Has Windows 7 killed Linux on the desktop?
Or will cloud computing give Linux another chance?
People don't just like Windows 7, it's the anti-Vista: loved for as many often spurious reasons as Vista was hated.
Many watchers and pundits, from big corporates, such as Novell to a million tuxhead blogs, saw the price and unpopularity of Vista as a golden opportunity for the Linux operating system to sneak in and steal a slice of the desktop market.
But has Window 7 seen off any threat from open source operating systems? In other words, has Windows 7 killed Linux on the desktop?
I'll come clean: I switched to Ubuntu shortly after the launch of Vista.
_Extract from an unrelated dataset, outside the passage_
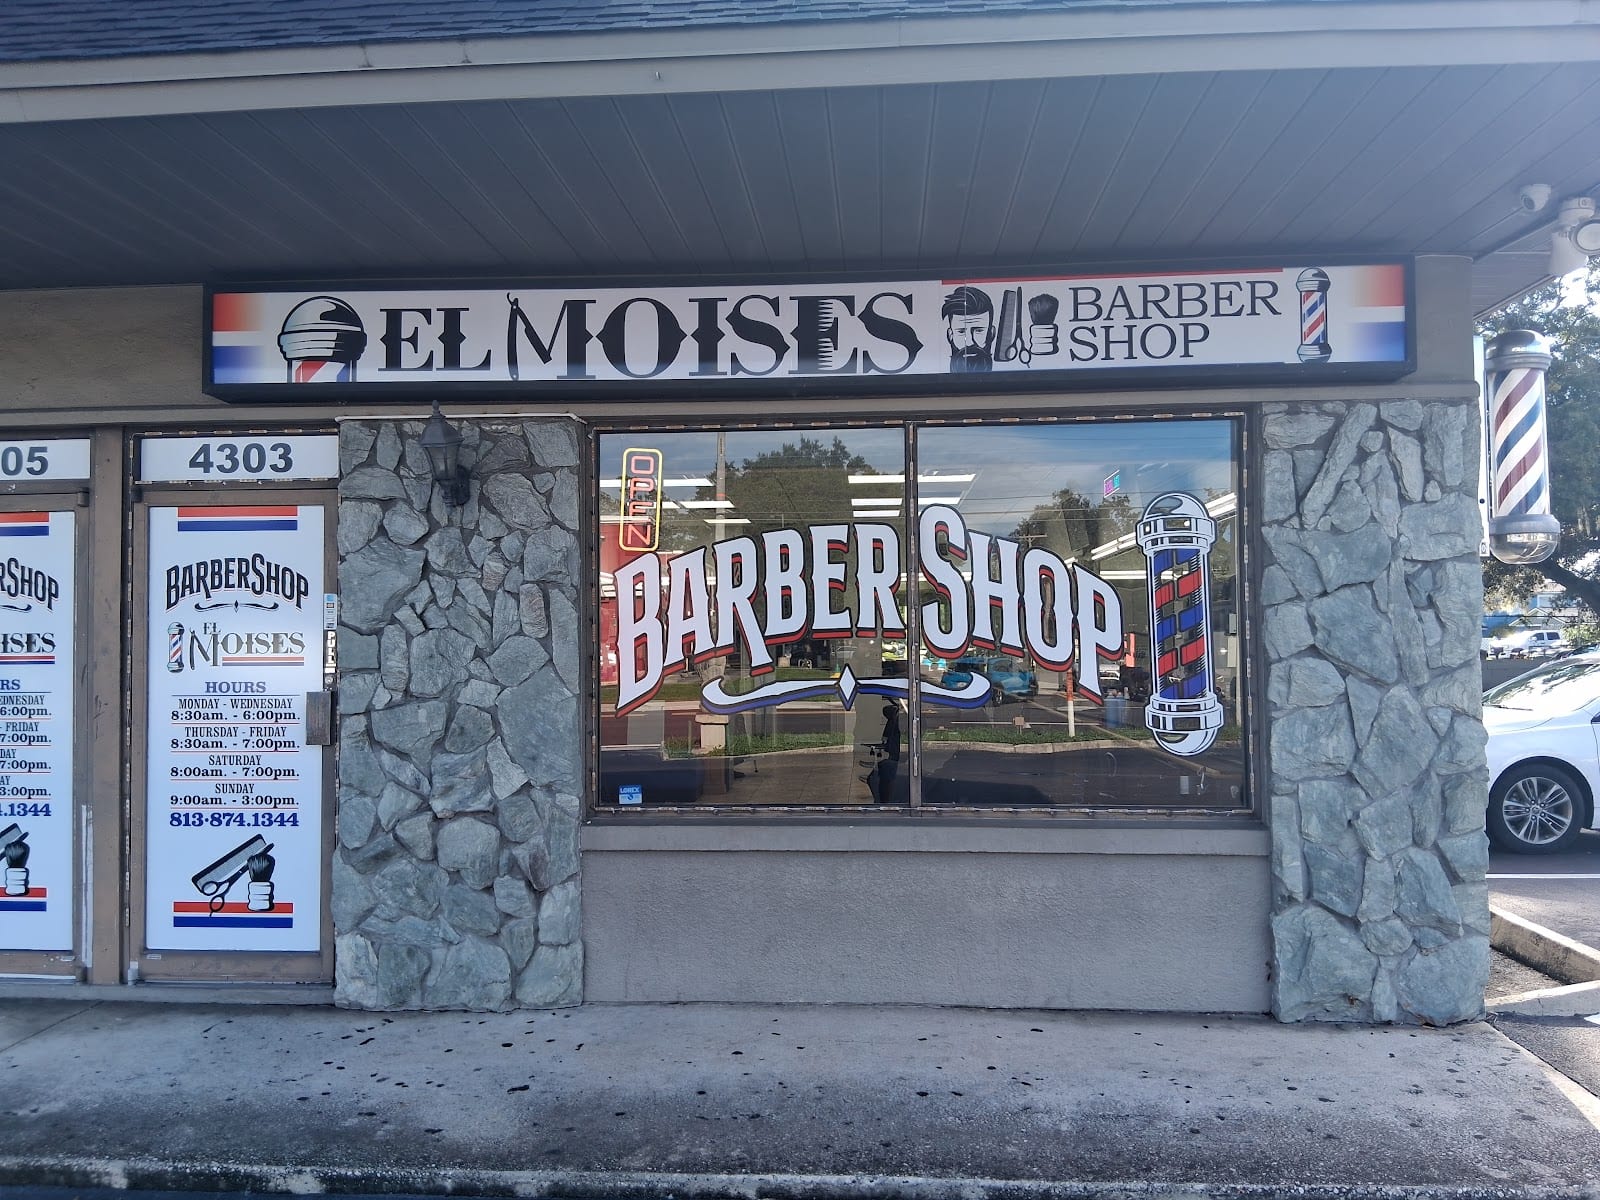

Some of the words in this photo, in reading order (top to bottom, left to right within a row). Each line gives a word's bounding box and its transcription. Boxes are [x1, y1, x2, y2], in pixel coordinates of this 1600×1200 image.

My XP machine was being suffocated by Registry bloat and an ever-expanding set of internet security apps, and I figured that before I gave in and upgraded Windows, I'd try using Linux as a daily desktop for a while. I've never looked back, and even now only boot into Windows 7 for gaming.
I like the flexibility that Linux gives me, the fact its start-up time's never slow and its ethos of free software enough that I overlook the two disadvantages it has for me.
Now I'm a die-hard fan of Linux who'll need a really compelling reason to go back to Windows, but that puts me in the tiniest of minorities. Should people like me still be trying to convince people happy with XP or Windows 7 to switch?
Fears about Vista's hard drive footprint, the lack of driver support and suspicion of its background DRM activity meant there was an unprecedented number of reviews and articles making direct comparisons between Linux distros and Windows at the time of its launch.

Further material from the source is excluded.